6:45 AM
Empezaba a clarear
sobre el horizonte urbano de Lucente cuando Paz Medrano cruzó la avenida con
toda la ligereza que le permitían sus ochenta y nueve kilos de peso. De su
brazo derecho colgaba una bolsa de tela negra con el logotipo comercial de una
franquicia y dentro de ella, una novelita romántica, una botella de agua y el
almuerzo: yogur rico en fibra y dos piezas de fruta (amén de una chocolatina
furtiva). En la mano izquierda apretaba un vaso de cartón encerado colmado de
café con leche y sobre él, bien sujeto con la otra mano, el bollo para Pilar
envuelto entre servilletas.
Al fondo, en la
plaza, un destello rosado hirió el pararrayos de la pequeña iglesia barroca.

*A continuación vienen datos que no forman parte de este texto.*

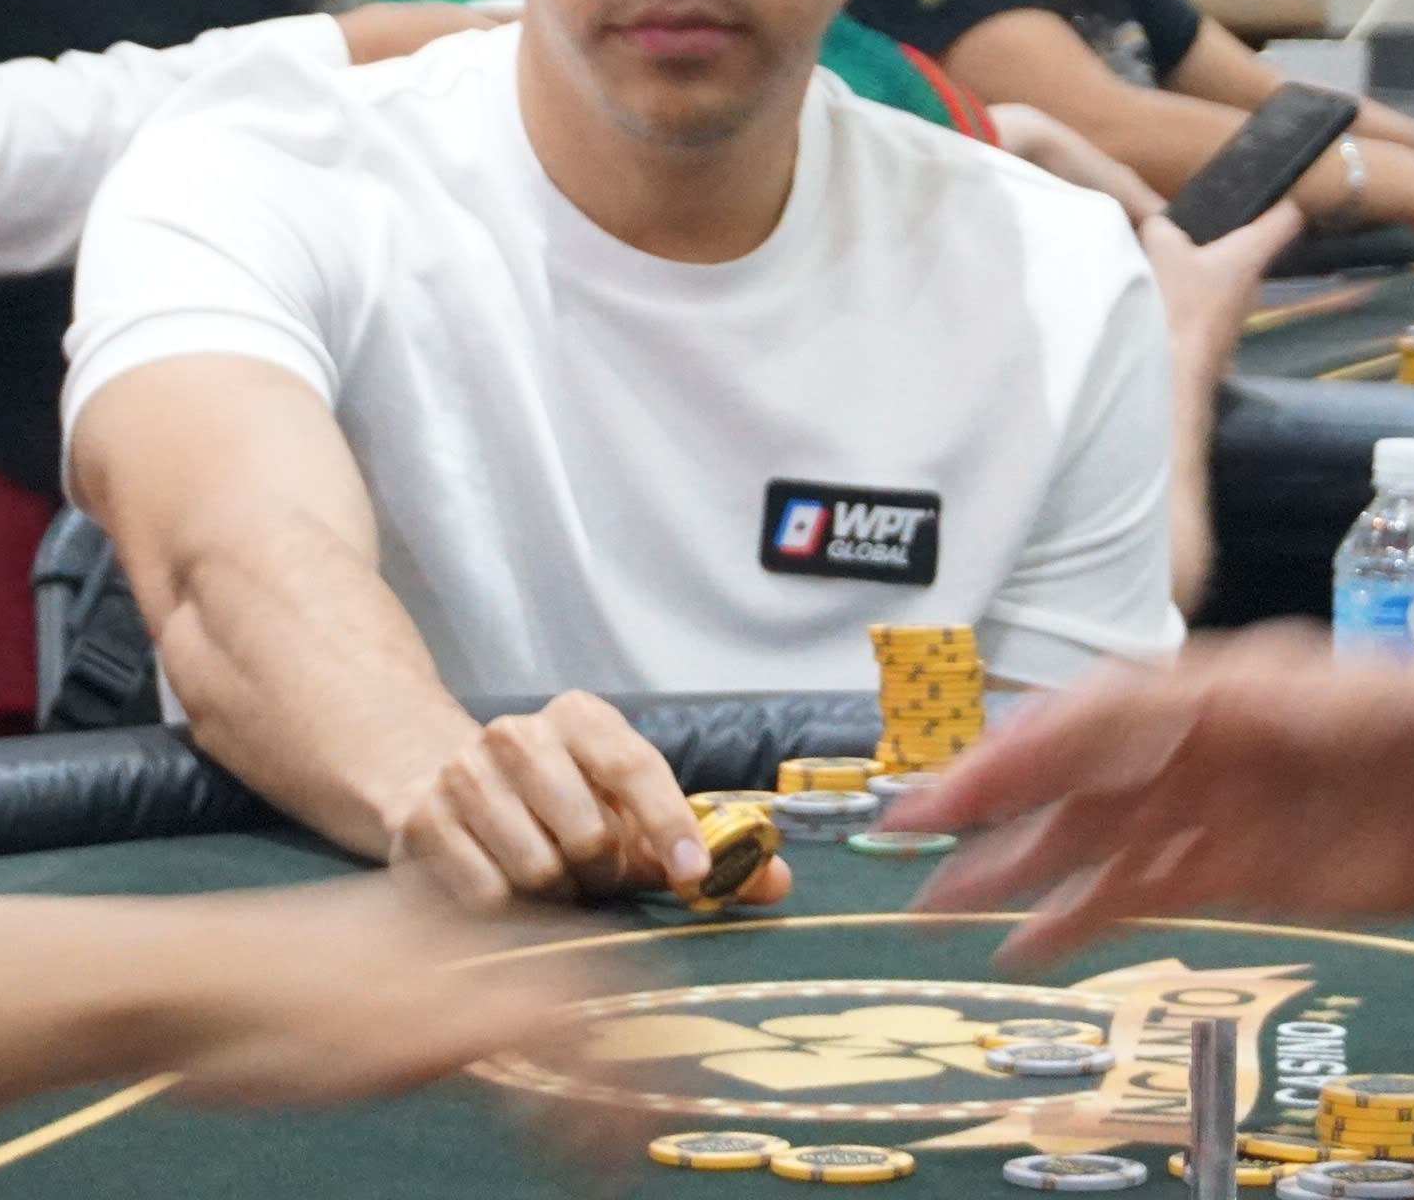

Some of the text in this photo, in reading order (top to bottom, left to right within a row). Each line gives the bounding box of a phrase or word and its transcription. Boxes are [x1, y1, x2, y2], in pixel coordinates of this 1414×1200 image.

Allí estaba Pilar, esperándola a la entrada del templo, tocada con un sucio
gorro de punto y envuelta en una toalla de playa estampada con una gran
serigrafía de Spiderman. Junto a ella, Paz divisó un desvencijado carrito de
compra, también sucio y repleto de variopintos tesoros. «Pilar, nómada,
vagamunda, rodeada de palomas. Las más atrevidas se posaban en sus hombros,
entre zureos y aleteos». ¡Qué imagen tan hermosa, tan serena!, consideró Paz,
mientras se aproximaba, dejándose arrastrar por su vena más lírica y novelesca:
«Una plaza arbolada al tibio sol del amanecer, con su iglesia de ladrillo
ceñida por las curvas de dos aletones barrocos, y una mujer recostada junto a
la puerta dormitando, plácida, entre palomas». Era como el principio de un
cuento.
Paz se detuvo
hondamente conmovida por la sencilla perfección de la escena, dejó la bolsa de
tela negra sobre el pavimento, extrajo su teléfono móvil y disparó varias
fotos. Satisfecha del resultado, se acercó a Pilar.
Las palomas
volaron en desbandada al sentir la proximidad de la intrusa.
El reloj de la
iglesia desgranó siete lentas campanadas.
Pilar dormitaba
todavía, inocente, ajena.
―Buenos días,
Pilar ―saludó Paz en tono risueño―. Es la hora del desayuno. Café y bollo para
empezar bien el día.
Pero Pilar no
despertaba.
―Venga, mujer
―insistió la samaritana con un suspiro indulgente, creyendo entender, mientras
recogía el envase vacío de vino tinto abandonado en el suelo, el porqué del
sopor que adormilaba a su amiga―. Pilar…, te dejo aquí el bollo y el café.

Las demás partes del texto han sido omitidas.